PROMPT.
In the entries below, find every line with the string "Lava" and copy it.

DATA SUPPLIED.
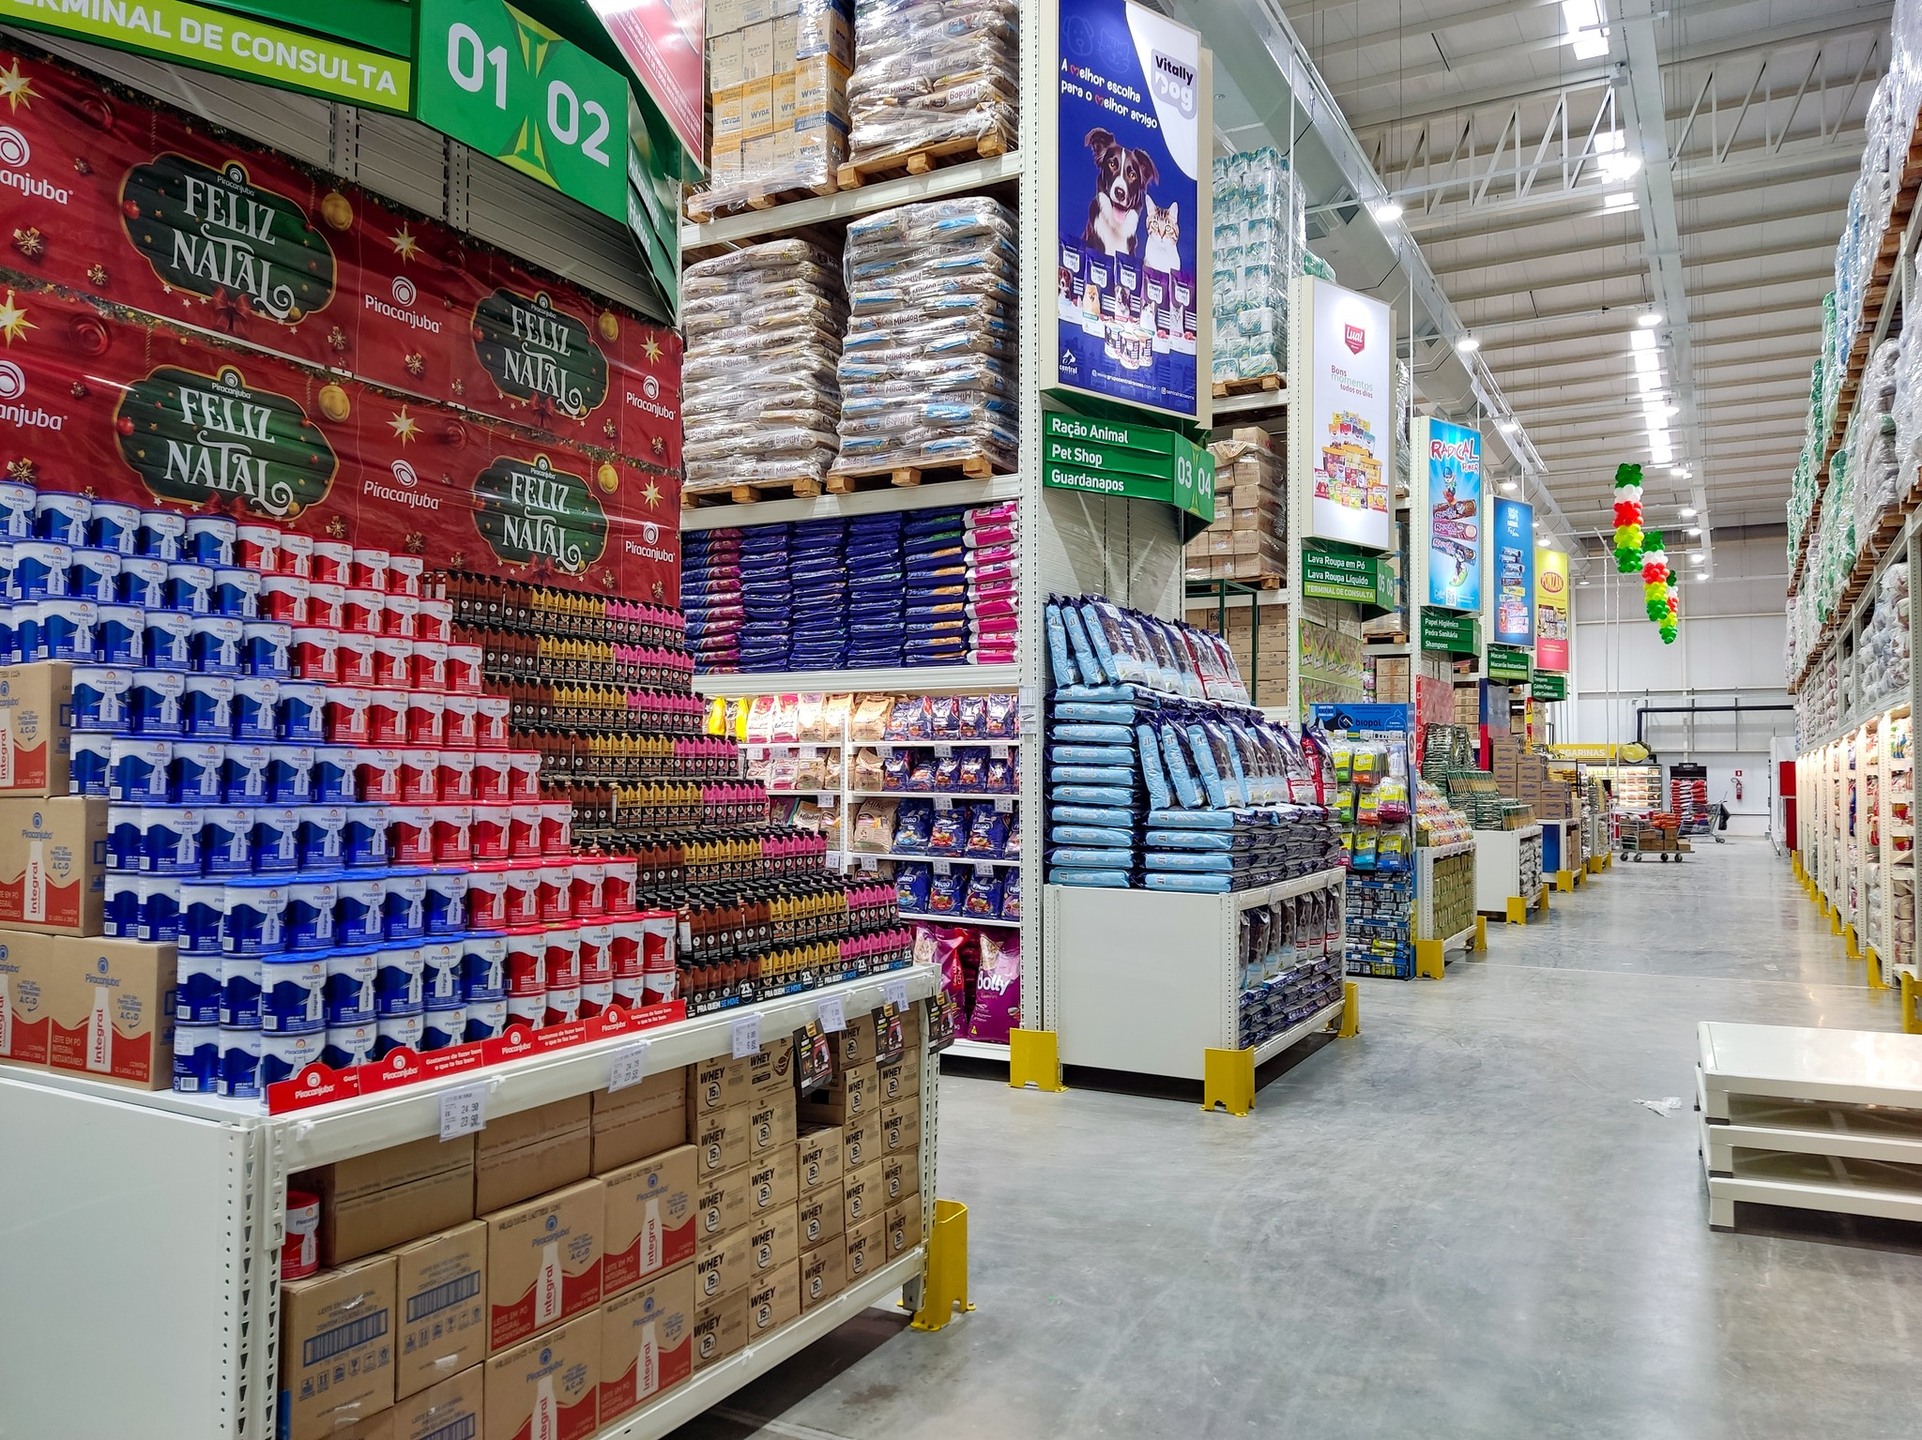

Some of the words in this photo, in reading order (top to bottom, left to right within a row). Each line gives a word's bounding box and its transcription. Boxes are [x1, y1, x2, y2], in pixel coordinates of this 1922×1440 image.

[180, 19, 223, 51] DE
[231, 32, 397, 96] CONSULTA
[447, 22, 508, 111] 01
[1155, 55, 1194, 86] Vitally
[1061, 58, 1068, 72] A
[1070, 63, 1105, 88] melhor
[1107, 80, 1141, 104] escolha
[750, 109, 770, 119] WYDA
[781, 103, 795, 112] WYD
[1061, 79, 1083, 98] para
[1085, 90, 1092, 101] o
[1094, 94, 1128, 117] melhor
[1130, 110, 1158, 129] amigo
[547, 79, 610, 169] 02
[183, 174, 276, 246] FELIZ
[171, 223, 295, 319] NATAL
[364, 294, 441, 334] Piracanjuba
[510, 303, 573, 358] FELIZ
[502, 341, 583, 416] NATAL
[1331, 364, 1347, 377] Bons
[211, 381, 252, 399] Piracanjuba
[1331, 373, 1373, 391] momentos
[1340, 383, 1355, 394] todos
[1363, 391, 1373, 399] dias
[178, 386, 276, 445] FELIZ
[626, 391, 676, 421] Piracanjuba
[1052, 417, 1088, 438] Ração
[1089, 424, 1129, 444] Animal
[1051, 443, 1072, 461] Pet
[1074, 448, 1103, 467] Shop
[1430, 438, 1479, 461] RADICAL
[162, 430, 295, 517] NATAL
[1051, 469, 1125, 493] Guardanapos
[1178, 456, 1192, 489] 03
[1198, 467, 1212, 499] 04
[363, 480, 440, 510] Piracanjuba
[508, 471, 572, 516] FELIZ
[502, 506, 582, 573] NATAL
[625, 541, 675, 563] Piracanjuba
[1308, 553, 1323, 564] Lava
[1325, 556, 1344, 567] Roupa
[1357, 560, 1365, 570] Pó
[1308, 569, 1323, 579] Lava
[1325, 572, 1344, 583] Roupa
[1346, 574, 1368, 585] Líquido
[1307, 585, 1335, 595] TERMINAL
[1345, 589, 1373, 599] CONSULTA
[1355, 718, 1381, 728] biopol
[22, 829, 53, 841] Piracanjuba
[85, 973, 120, 987] Piracanjuba
[727, 997, 740, 1006] MOVE
[602, 1020, 626, 1032] Piracanjuba
[52, 1035, 65, 1045] LEITE
[65, 1037, 73, 1045] EM
[52, 1045, 74, 1055] INTEGRAL
[502, 1043, 533, 1056] Piracanjuba
[52, 1054, 84, 1067] INSTANTÂNEO
[426, 1055, 450, 1066] Gostamos
[458, 1051, 470, 1059] fazer
[471, 1048, 482, 1056] bem
[439, 1063, 449, 1071] que
[464, 1057, 475, 1065] bem
[382, 1067, 419, 1081] Piracanjuba
[700, 1067, 725, 1085] WHEY
[883, 1066, 903, 1080] WHEY
[295, 1084, 335, 1099] Piracanjuba
[752, 1108, 775, 1126] WHEY
[701, 1127, 725, 1147] WHEY
[802, 1148, 824, 1166] WHEY
[531, 1227, 570, 1248] Piracanjuba
[751, 1227, 776, 1247] WHEY
[849, 1237, 867, 1254] WHEY
[698, 1253, 725, 1274] WHEY

WRITTEN SOLUTION.
[1308, 553, 1323, 564] Lava
[1308, 569, 1323, 579] Lava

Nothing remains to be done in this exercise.